Наконец, смолкает постылая фонограмма, прокрученная раз десять, захлопывает рот певица Ч. Съемка окончена, и все дружно поспешают к павильончику со столиками и жаровней рядом, по поводу которого мы вожделели весь день.
Всячески изворачивается в стаканах «Извораш», что, впрочем, отнюдь не спасает его от жадного поглощения. Шипят на решетке колбаски-купаты. Истекает соком багровая плоть помидоров сорта «Бычье сердце». Распространяя умопомрачительные запахи, тушится на медленном огне что-то затейливо-овощное. «Гивеч! – подняв палец вверх, говорит Жора-шофёр, – настоящий гивеч…»
И девушки тут как тут. Приглянувшуюся мне зовут Карина, ей восемнадцать лет. «Так интересно было посмотреть на съемки, ведь по телевизору всё совсем по-другому». Да уж, искушенно киваю я, да уж…
Темнеет. Веселые водители, также не упустившие припасть к «родничку», ловко протискивают грузные туши автобусов по узким аллейкам к выходу из парка.
В центре города телекомпания (в смысле «компания совместно напившихся телеработников») распадается.
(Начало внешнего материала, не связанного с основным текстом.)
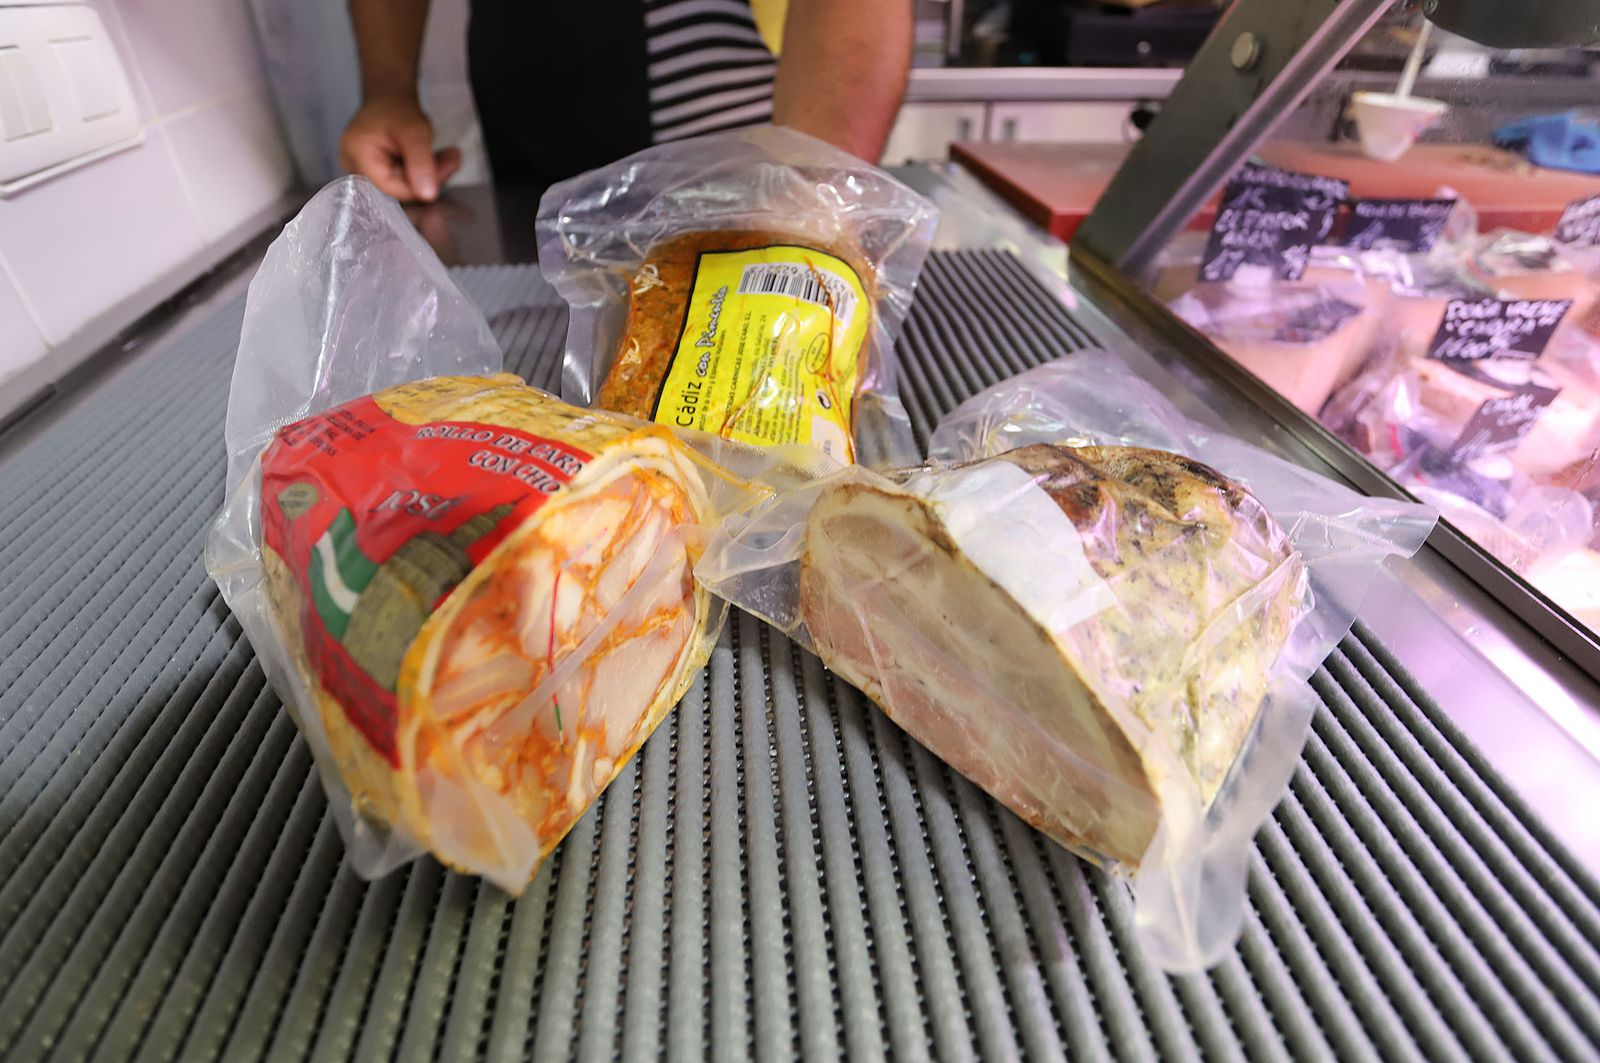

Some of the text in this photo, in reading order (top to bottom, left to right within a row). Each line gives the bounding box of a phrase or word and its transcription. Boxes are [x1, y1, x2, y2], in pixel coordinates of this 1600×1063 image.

[676, 382, 702, 426] Cádiz
[696, 352, 711, 377] con
[414, 425, 494, 441] ROLLO
[492, 433, 531, 454] DE
[468, 450, 561, 495] CON CHO
Мой Валерий Александрович сгинул куда-то еще раньше.
Мы остаемся вдвоем с Кариной. А небо-то! Никогда и нигде больше не видел я таких крупных звезд, как в августовском небе над Кишинёвом-76.
Время уже за полночь, но какая-то птичка упорно продолжает дудеть (и в мире орнитологии есть свои певицы Ч.).
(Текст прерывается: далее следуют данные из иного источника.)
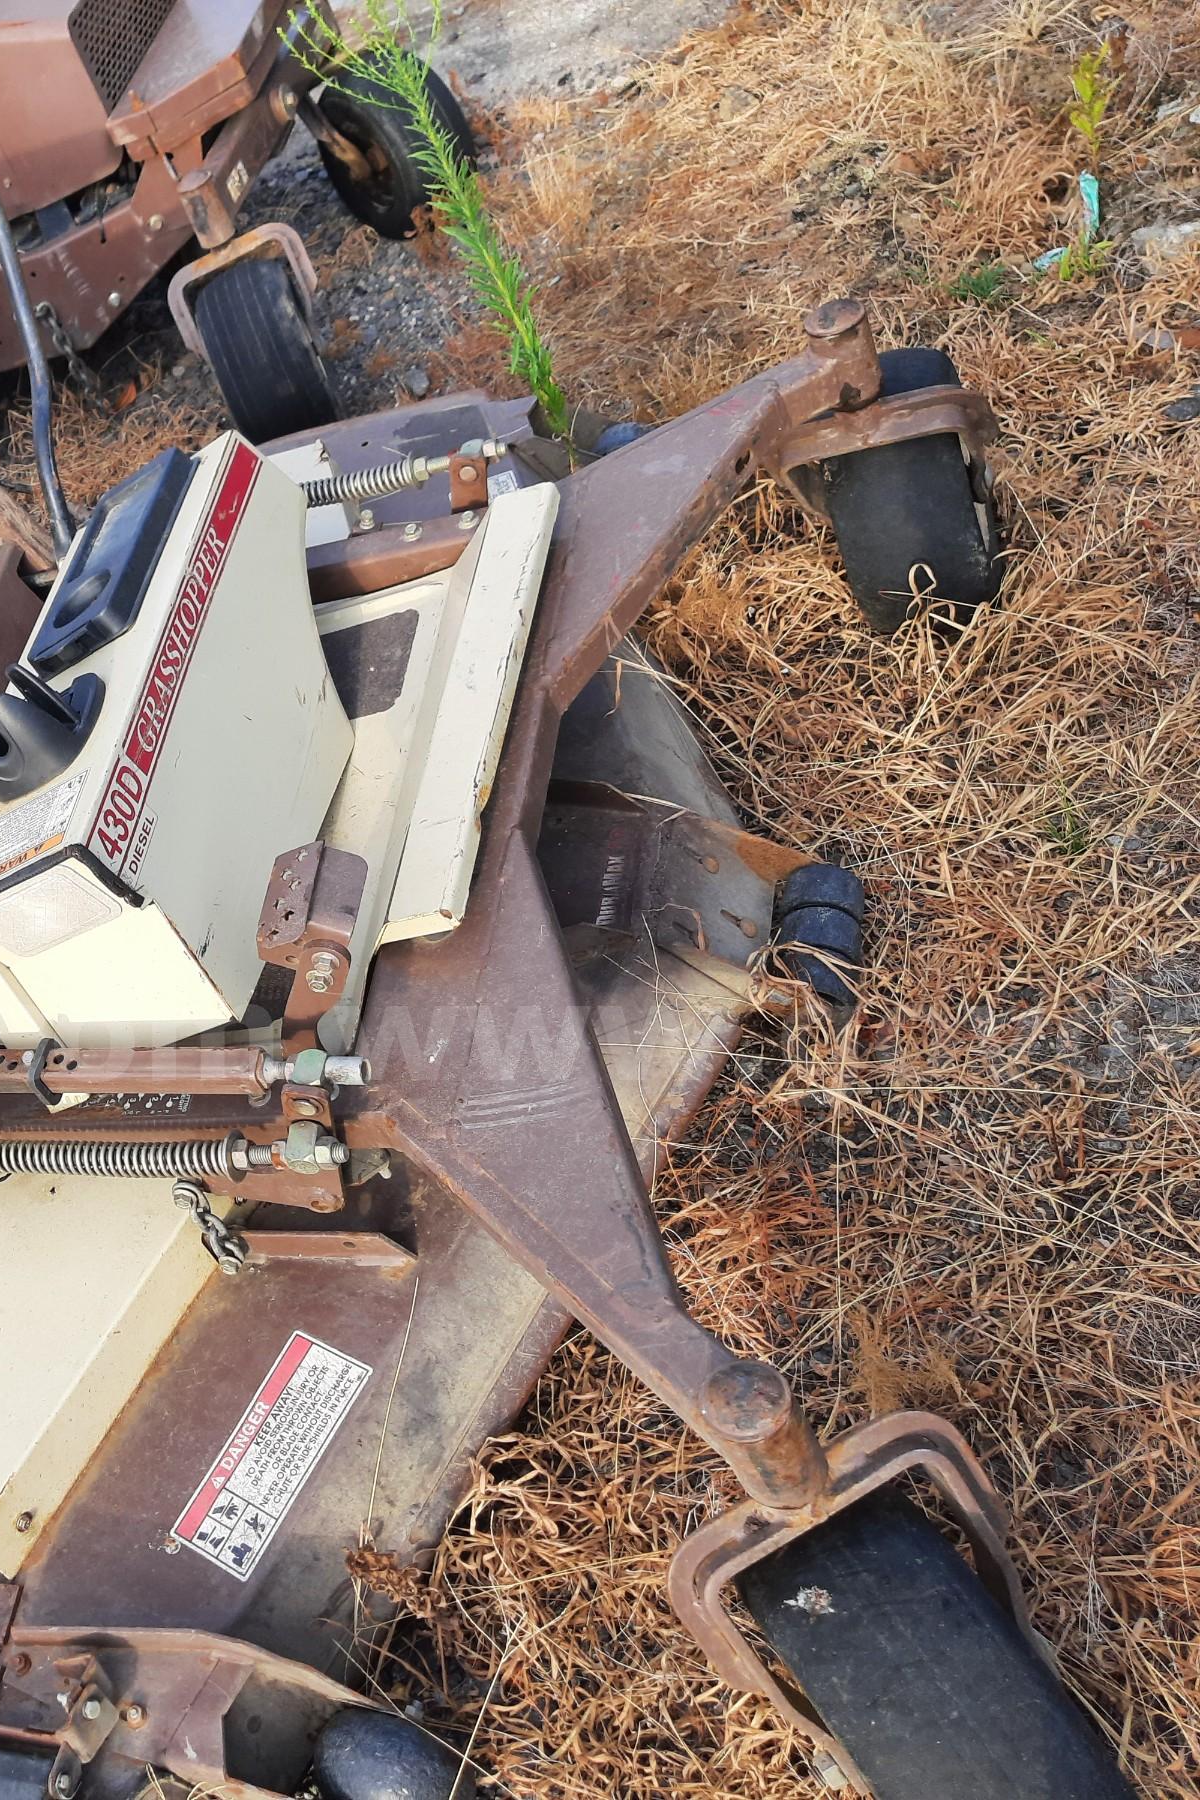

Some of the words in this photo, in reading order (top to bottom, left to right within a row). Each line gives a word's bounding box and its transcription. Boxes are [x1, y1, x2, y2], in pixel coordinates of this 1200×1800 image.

– Я провожу тебя, Карина. Где ты живешь?
– Меня домой уже не пустят.
– Тогда будем гулять до утра. Посмотри, какие на небе…
– Я спать хочу.
– Ну… Может быть, пойдем ко мне в гостиницу?
– Да.
Слово сказано. Мы осторожно пробираемся в наш с Ситниковым двухместный номер ведомственной телецентровской гостиницы. Ложем Валерия Александровича нынешней ночью послужит, должно быть, какая-нибудь лавка в парке имени Комсомола (это в лучшем случае).
Не включая света, я обнимаю Карину, мы делаем совместный шаг по направлению к кровати, еще чуть-чуть, и… с грохотом обрушивается на пол протез, прислоненный к нашему будущему ложу любви.
Я щелкаю выключателем. «Ах, нога!..» – вытаращив глаза, вскрикивает потрясенная девушка.
На моей кровати крепко спит Валерий Саныч – наполовину при параде, то есть в пиджаке, при галстуке, но без брюк. Отстегивание протеза было, похоже, его последним осмысленным действием на сегодня.
Но добрался-таки до гостиницы! С каким же постоянством я недооценивал старую гвардию…
Впрочем… Что нам пьяный инвалид? – пусть себе спокойно спит. Что его ножной протез для влюбленных двух сердез? Вот свободная кровать – ты хотела, детка, спать?..
«Карина, – вкушаю я бессарабские яблочки и сладчайший виноград укромных долин кодровой зоны, п – Карина…»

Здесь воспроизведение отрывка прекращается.